One minute she was reaching for the black outfit she’d set aside for her snooping. The next, someone held a bag over her head, hands went around her waist and… splash. Then a mouthful of water followed by a hard skid to a beach landing and pain. She couldn’t forget the pain.
Now someone held her. Sure, the guy didn’t throw her back in the water, but that didn’t necessarily mean things were looking up. Her back teeth slammed together with each one of his firm steps. The brisk walk cuddled against his chest had warmed her, but at this pace she’d be broken into little pieces before they got to their destination. Wherever that was.
The naked early evening jog with a perfect stranger was new, not to mention embarrassing. Plenty of fear ran through her, too. She thought about jumping out of this guy’s arms and running as fast as she could in any direction but the water.

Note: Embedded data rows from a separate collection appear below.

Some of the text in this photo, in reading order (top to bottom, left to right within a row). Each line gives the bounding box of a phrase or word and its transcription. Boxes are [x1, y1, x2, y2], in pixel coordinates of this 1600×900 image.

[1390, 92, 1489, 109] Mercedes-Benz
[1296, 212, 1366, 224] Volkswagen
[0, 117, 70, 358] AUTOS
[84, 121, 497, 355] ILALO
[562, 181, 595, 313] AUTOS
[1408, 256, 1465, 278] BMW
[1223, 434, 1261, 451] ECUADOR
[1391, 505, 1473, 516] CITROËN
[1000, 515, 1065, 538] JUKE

Thought about it. Even plotted out the escape. But, she knew the smarter move was to bide her time and figure out her next step. She’d spent her entire life biding time. Waiting for the right moment to get her revenge.
Panic and weakness were the enemies. Two of them, anyway. During the past few hours she’d discovered a new one of the human variety. She’d been knocked around, dropped into the ocean and nearly drowned due to her mediocre swimming skills. All that made washing up on the beach the highlight of her evening.

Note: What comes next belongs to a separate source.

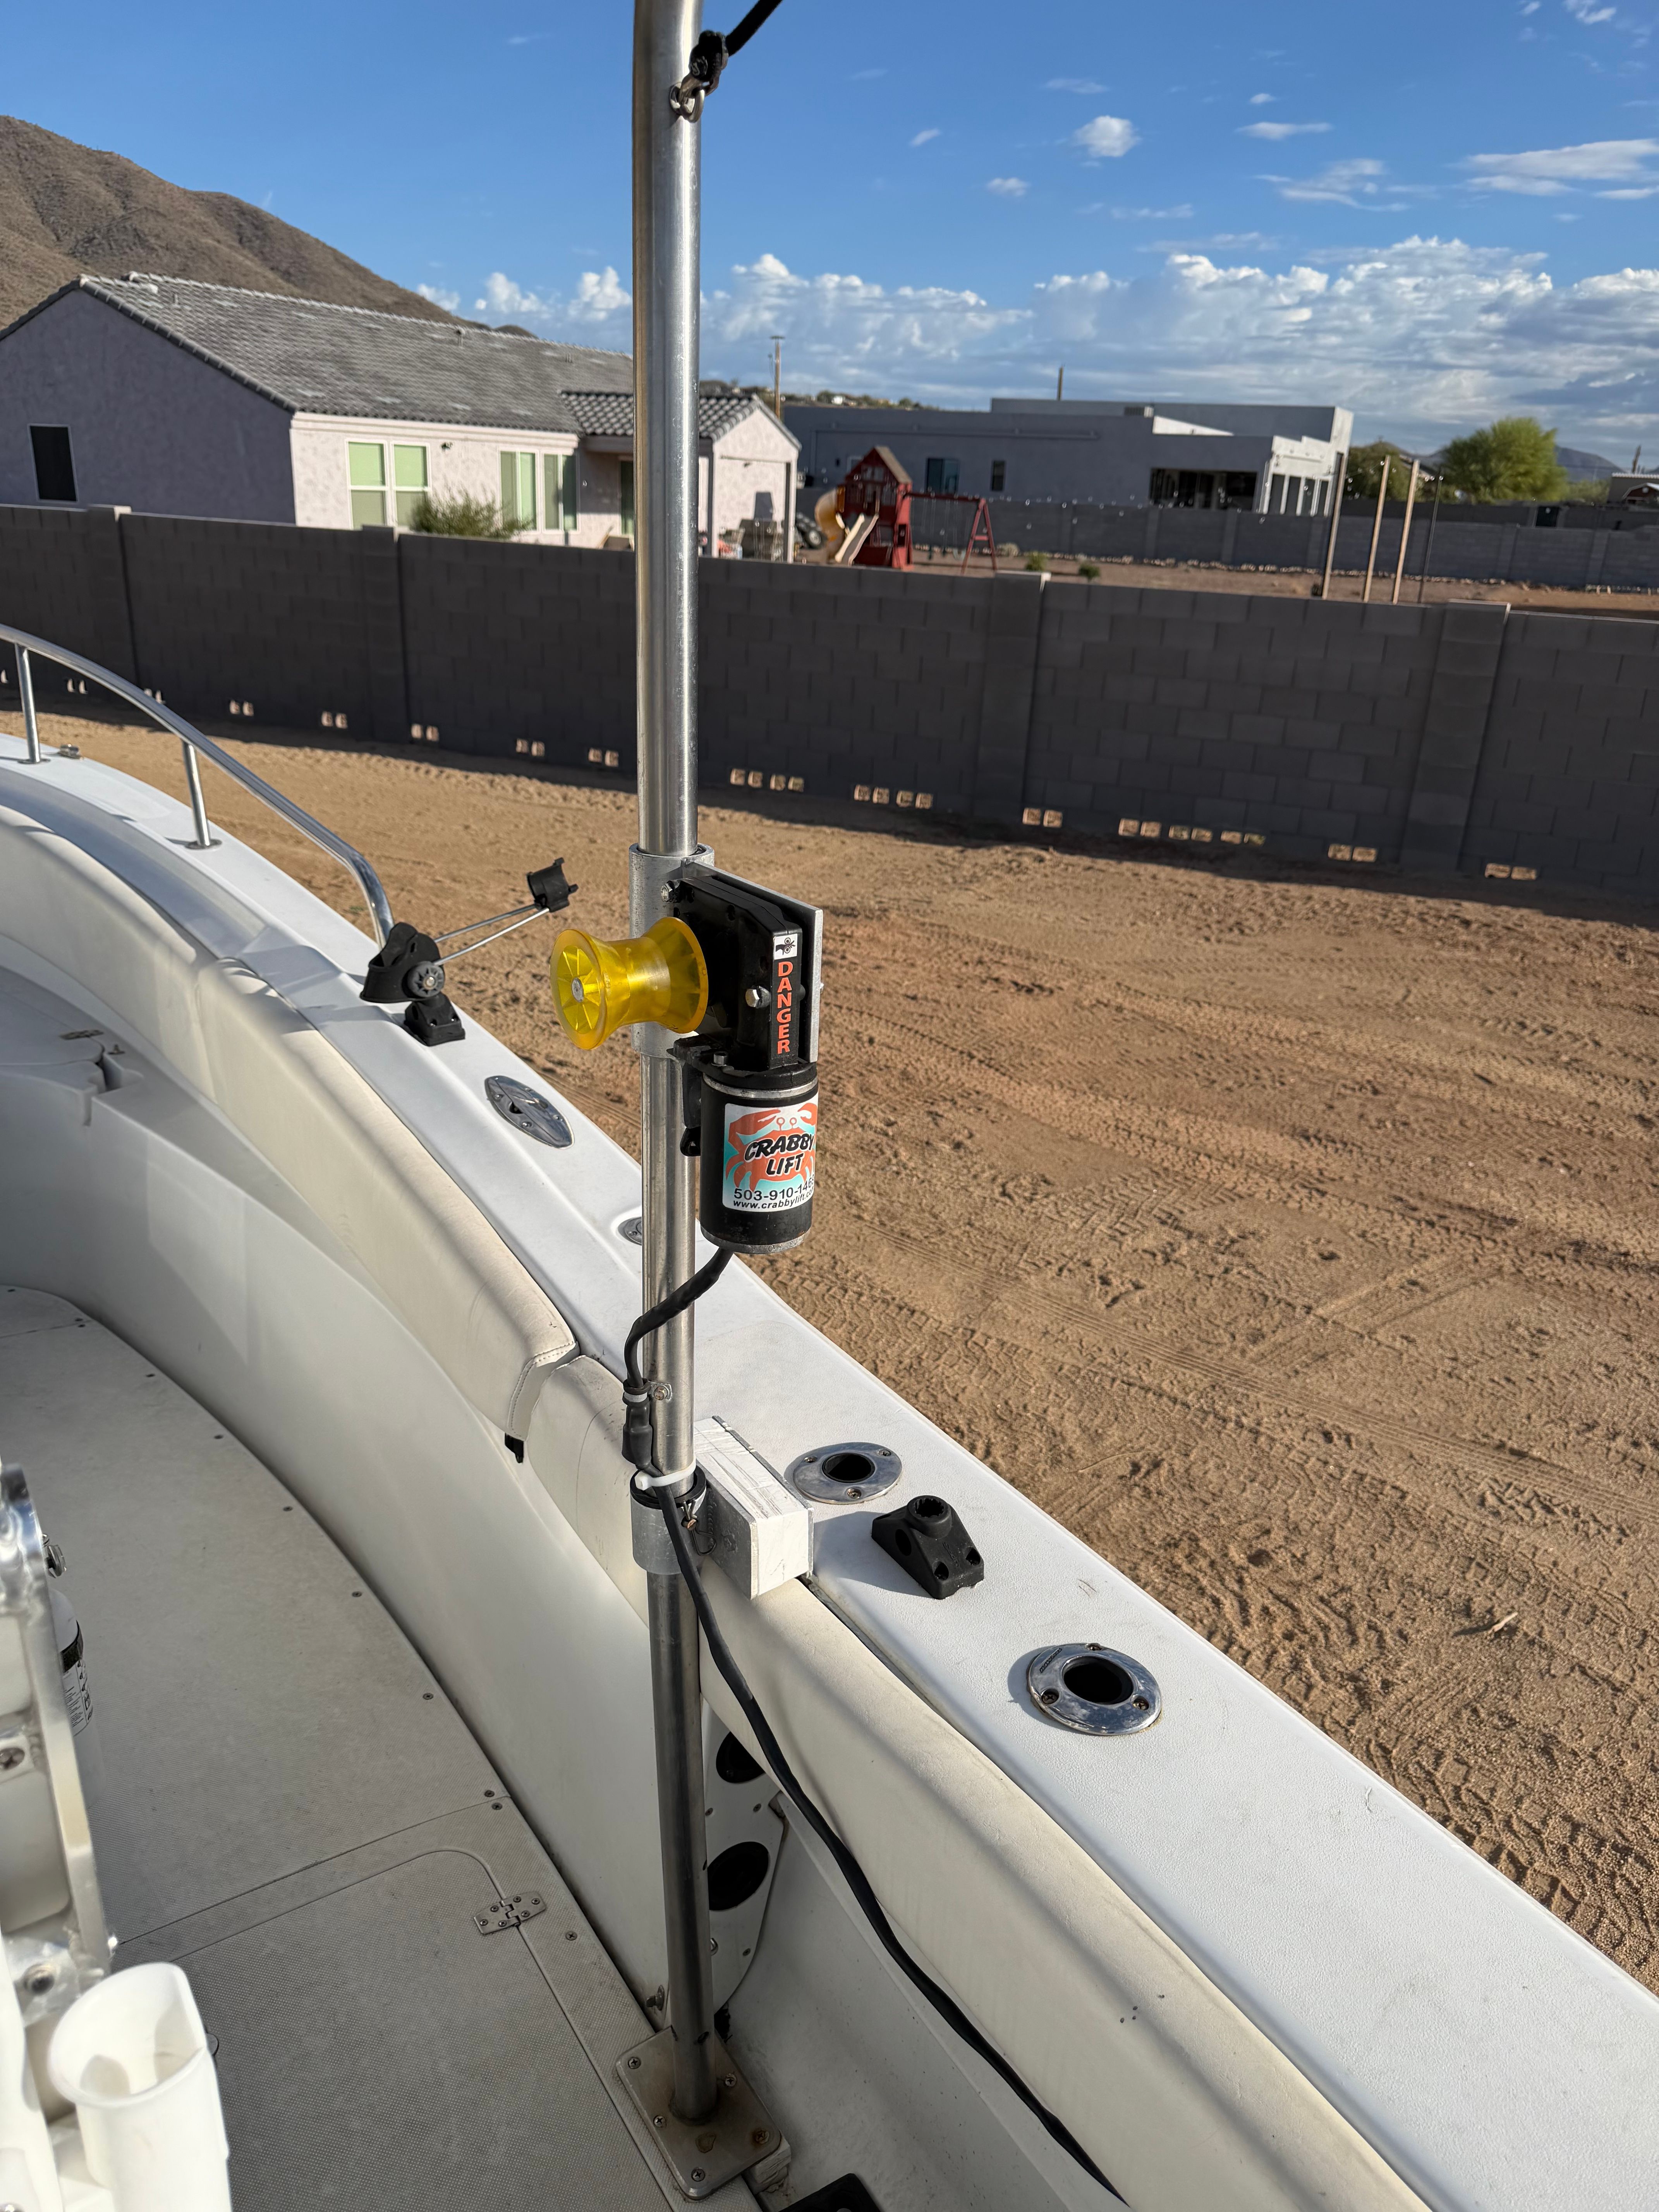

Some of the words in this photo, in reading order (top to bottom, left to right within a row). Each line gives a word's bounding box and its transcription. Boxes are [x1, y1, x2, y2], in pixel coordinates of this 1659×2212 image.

Not the normal day for a nature photographer. Of course, this wasn’t a paid assignment. This one was a personal project. An investigation gone seriously wrong. Somehow she’d managed to stumble onto the right track. Got close enough to get tossed into the ocean. She’d lost her camera and nearly her life.
And now …well, she did not know what was happening. She lifted one eyelid in the barest move possible. She spied miles of muscular forearm. Tan and, she hoped, connected to the safe and friendly variety of male on the other end.